RSNA 2023 Attendance Flat Compared to 2022

Nov. 27, 2023
Attendance at RSNA23, the annual conference of the Radiological Society of North America, this year has been almost identical to that of RSNA22

Attendance at RSNA23, the annual conference of the Oak Brook, Ill.-based Radiological Society of North America, held every year at Chicago’s McCormick Place, was flat this year compared to attendance at RSNA22, with the numbers within a few hundred of each other. As of Monday, Nov. 27, total in-person registration was 34,175, of whom 17,711 were classified as professionals.

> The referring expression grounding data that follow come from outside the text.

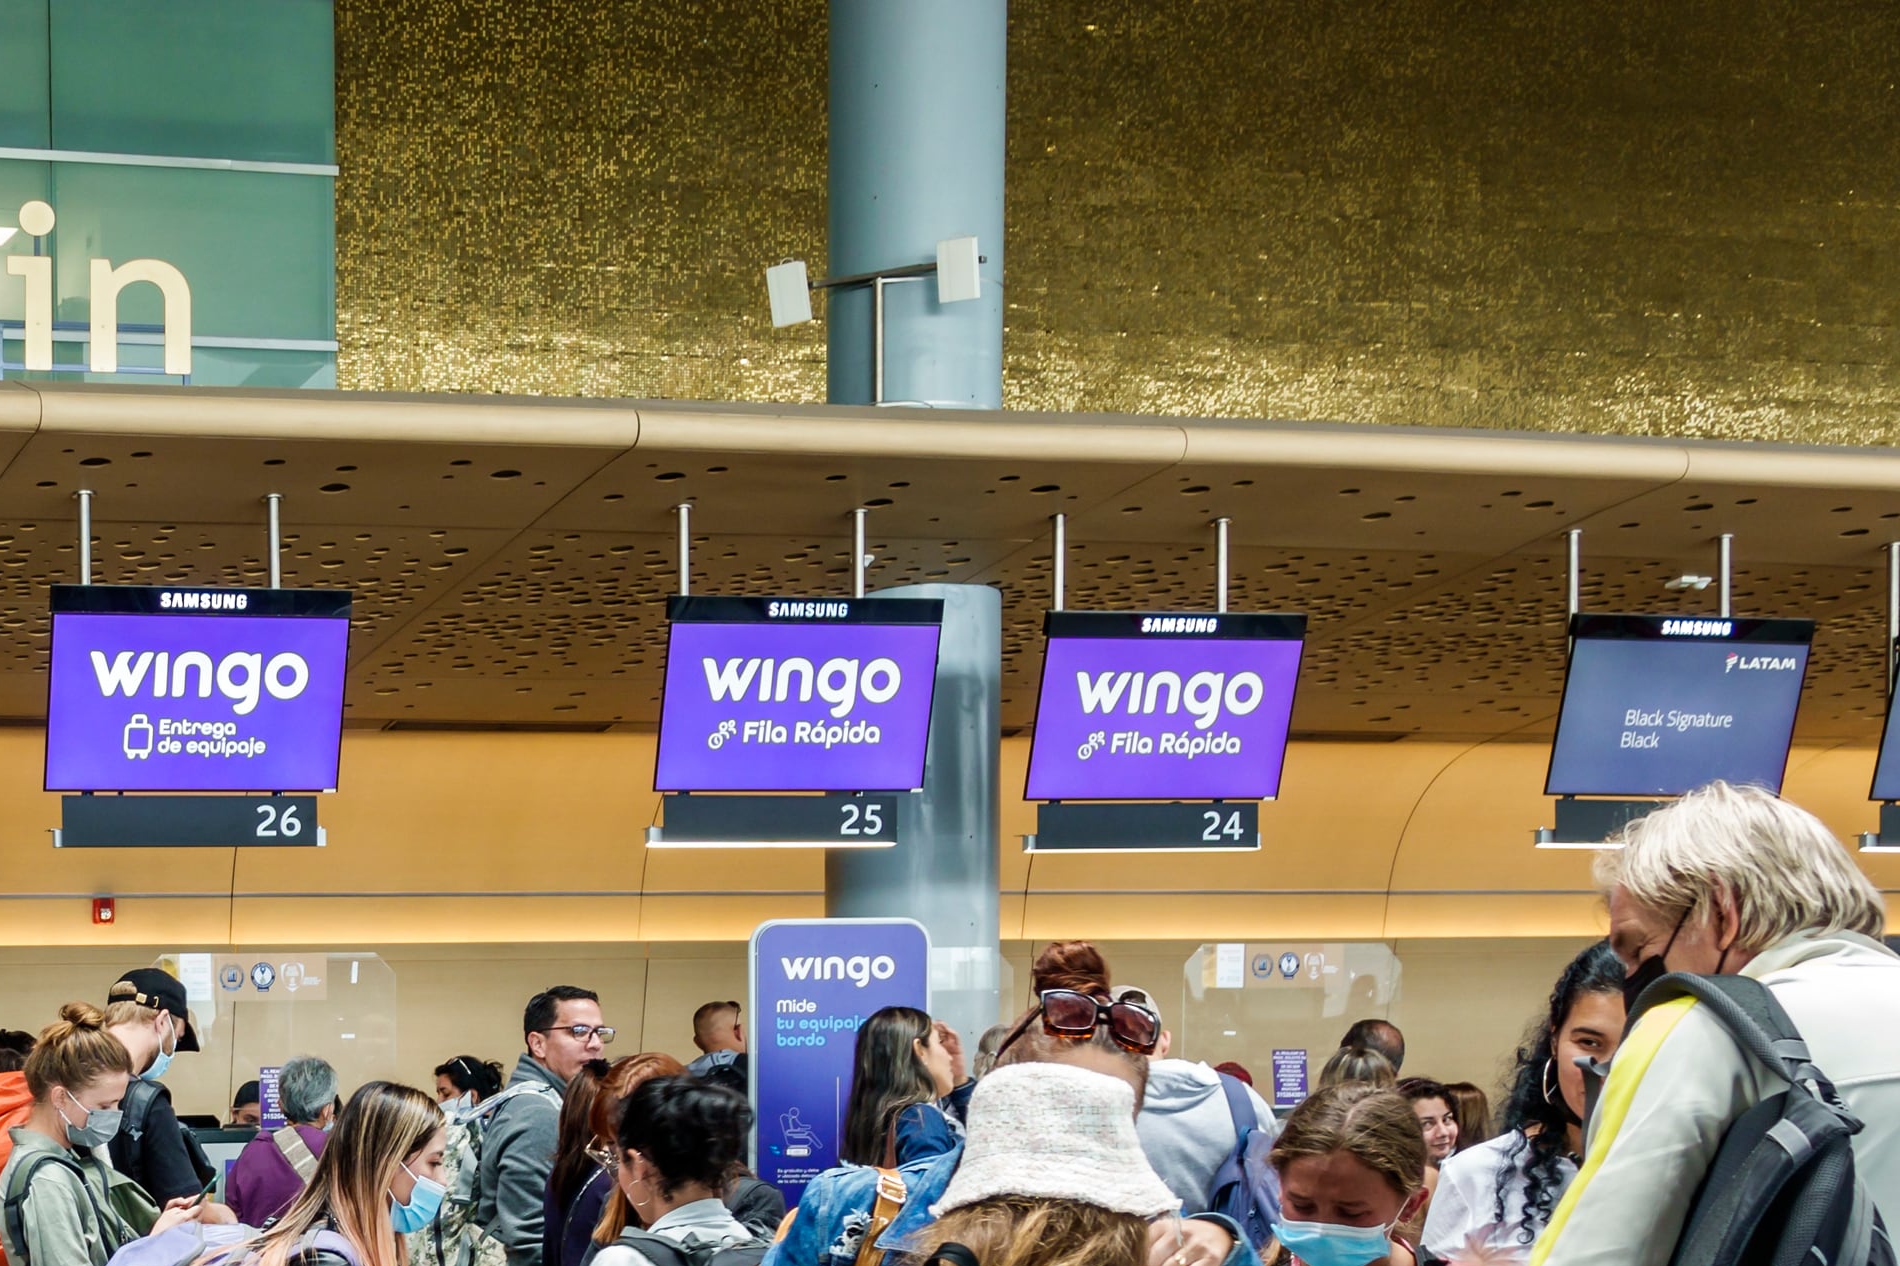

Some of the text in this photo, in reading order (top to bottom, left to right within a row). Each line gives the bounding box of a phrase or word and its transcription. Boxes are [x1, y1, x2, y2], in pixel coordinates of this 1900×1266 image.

[6, 200, 193, 374] in
[160, 592, 248, 610] SAMSUNG
[768, 602, 848, 617] SAMSUNG
[1141, 617, 1218, 633] SAMSUNG
[1661, 620, 1733, 636] SAMSUNG
[1738, 656, 1797, 671] LATAM
[90, 650, 309, 715] wingo
[702, 656, 902, 718] wingo
[1076, 670, 1264, 728] wingo
[158, 718, 237, 737] Entrega
[1624, 709, 1733, 732] Black Signature
[742, 719, 881, 750] Fila Rápida
[1110, 730, 1241, 759] Fila Rápida
[1620, 731, 1660, 749] Black
[156, 738, 267, 759] de equipaje
[255, 804, 302, 837] 26
[840, 804, 883, 835] 25
[1202, 811, 1244, 841] 24
[780, 954, 896, 989] wingo
[776, 998, 818, 1014] Mide
[776, 1017, 795, 1030] tu
[776, 1033, 826, 1047] bordo
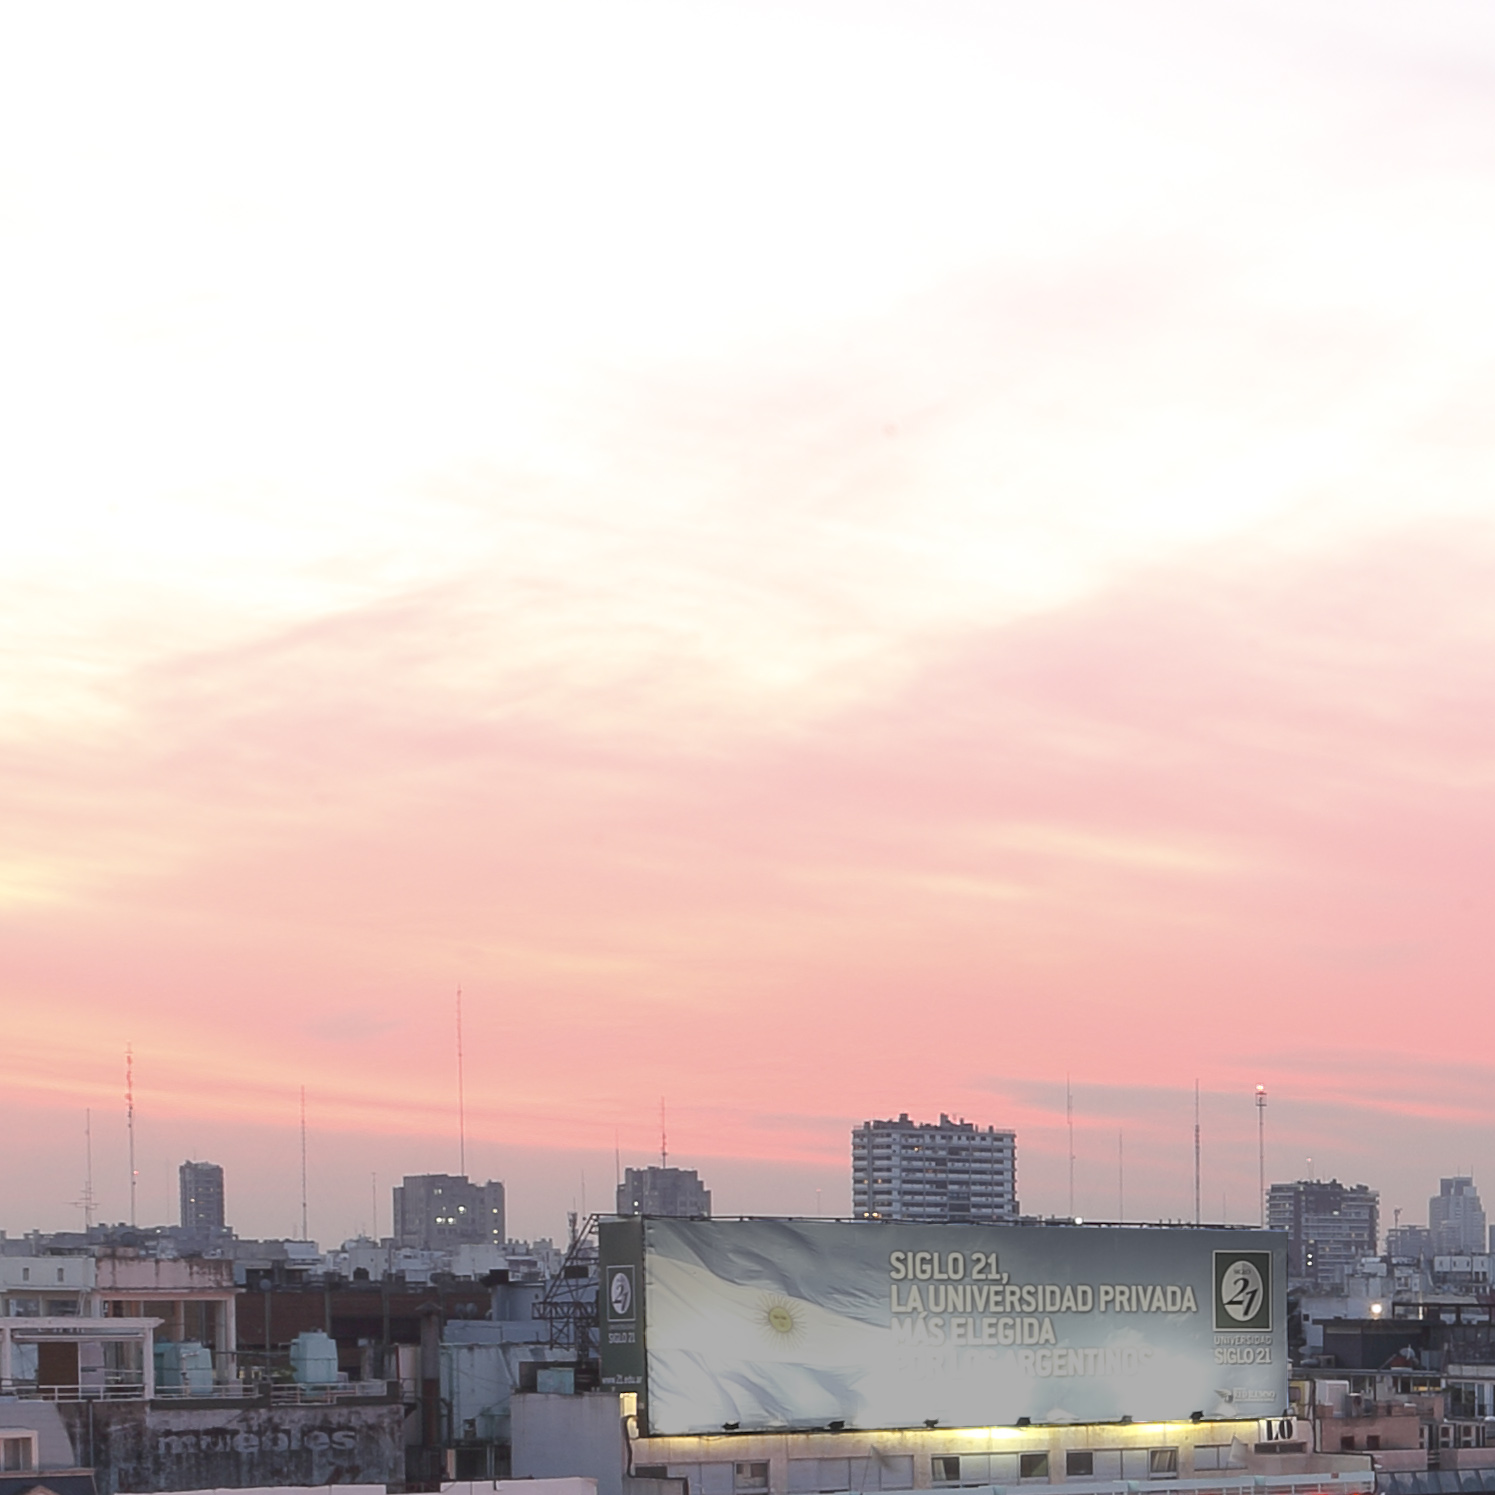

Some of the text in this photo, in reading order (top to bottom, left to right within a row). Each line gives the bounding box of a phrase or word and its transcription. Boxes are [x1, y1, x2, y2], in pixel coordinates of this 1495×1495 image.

[890, 1251, 1009, 1284] SIGLO 21,
[612, 1284, 629, 1312] 21
[891, 1285, 1198, 1313] LA UNIVERSIDAD PRIVADA
[1223, 1277, 1259, 1317] 21
[890, 1312, 1056, 1347] MÁS ELEGIDA
[1214, 1335, 1273, 1346] UNIVERSIDAD
[1214, 1348, 1272, 1364] SIGLO 21
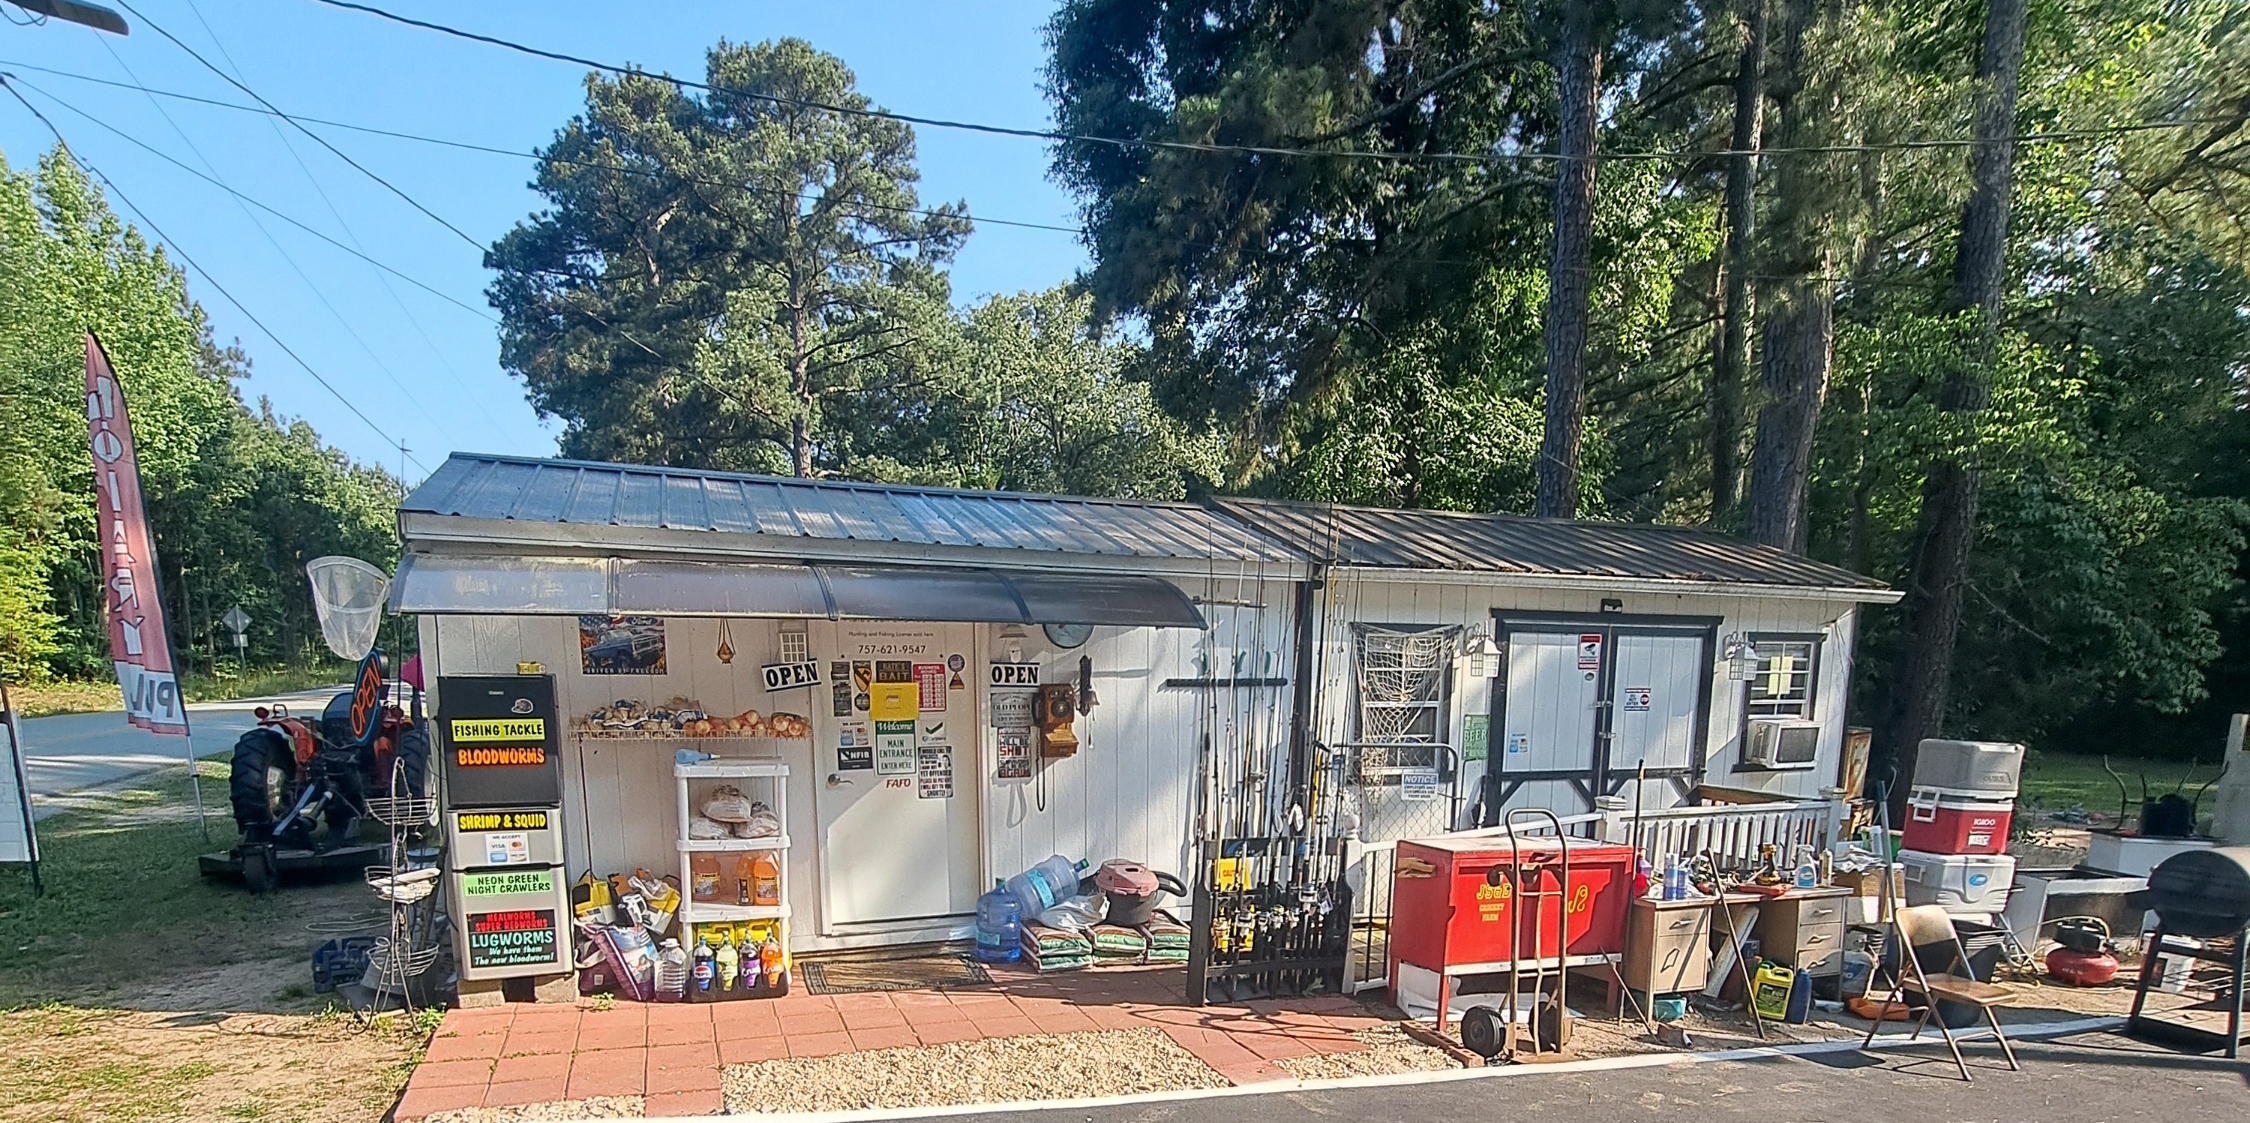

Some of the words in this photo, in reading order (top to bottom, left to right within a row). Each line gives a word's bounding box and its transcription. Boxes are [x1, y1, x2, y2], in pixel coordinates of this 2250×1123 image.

[631, 616, 653, 625] Ford
[858, 644, 926, 654] 757-621-9547
[766, 662, 818, 687] OPEN
[879, 672, 909, 681] BAIT
[991, 666, 1038, 683] OPEN
[352, 657, 381, 735] OPEN
[454, 724, 500, 737] FISHING
[504, 723, 543, 736] TACKLE
[877, 721, 914, 731] Welcome
[1464, 730, 1486, 742] BEER
[887, 739, 905, 748] MAIN
[458, 747, 545, 765] BLOODWORMS
[879, 748, 914, 758] ENTRANCE
[999, 746, 1029, 756] SHOT
[881, 762, 898, 770] ENTER
[899, 761, 913, 769] HERE
[886, 778, 911, 789] FAFO
[1405, 775, 1436, 784] NOTICE
[460, 814, 502, 830] SHRIMP
[503, 813, 513, 828] &
[514, 813, 547, 829] SQUID
[477, 875, 504, 886] NEON
[507, 873, 540, 884] GREEN
[468, 885, 497, 895] NIGHT
[500, 882, 551, 893] CRAWLERS
[486, 911, 536, 922] MEALWORMS
[475, 921, 501, 932] SUPER
[503, 918, 548, 930] REDWORMS
[471, 930, 554, 948] LUGWORMS
[489, 947, 501, 955] We
[503, 945, 521, 954] have
[523, 944, 543, 953] them
[474, 957, 489, 966] The
[491, 956, 508, 964] new
[509, 952, 555, 963] bloodworm!

As we reported on the Monday of RSNA 2022—Monday, Nov. 28, 2022—attendance last year was 34,385, a 61.4-percent increase over the 21,300 registered on this equivalent day in the conference in 2021. Among the 34,385, 19,485 were registered as professionals.

This year’s attendance figure, virtually the same as last year’s, might presage ongoing future attendance levels; RSNA22 saw a huge increase over 2021, as 2021 had been the first year of in-person attendance since 2020, when the conference had been forced to go virtual during the depths of the global COVID-19 pandemic.

This year’s conference agenda was replete with sessions focused on artificial intelligence (AI), something noted by Howard B. Chrisman , M.D., president and CEO at Northwestern Memorial HealthCare in Chicago, during the conference’s opening session on Sunday. As Nick Klenske reported the Daily Bulletin, the conference’s official publication, Dr. Chrisman told the audience in the Aire Crown Theatre that “Radiology is at an inflection point as new technologies and AI in particular rapidly transform our field.” Chrisman told his fellow radiologists that he was optimistic about radiologists’ collective ability to flex with the times. “Before we were even a specialty, people who worked with X-rays were referred to as being ‘irrational,’ ‘irritable,’ and ‘prone to mental disturbances. Yet despite this start, the fact that we are all here today is proof that we’ve been able to persist and that we will continue to persist. The secret, going forward, he said, will be this: “While history shows that change is often disruptive, I believe radiologists are well-prepared thanks to our agile nature.”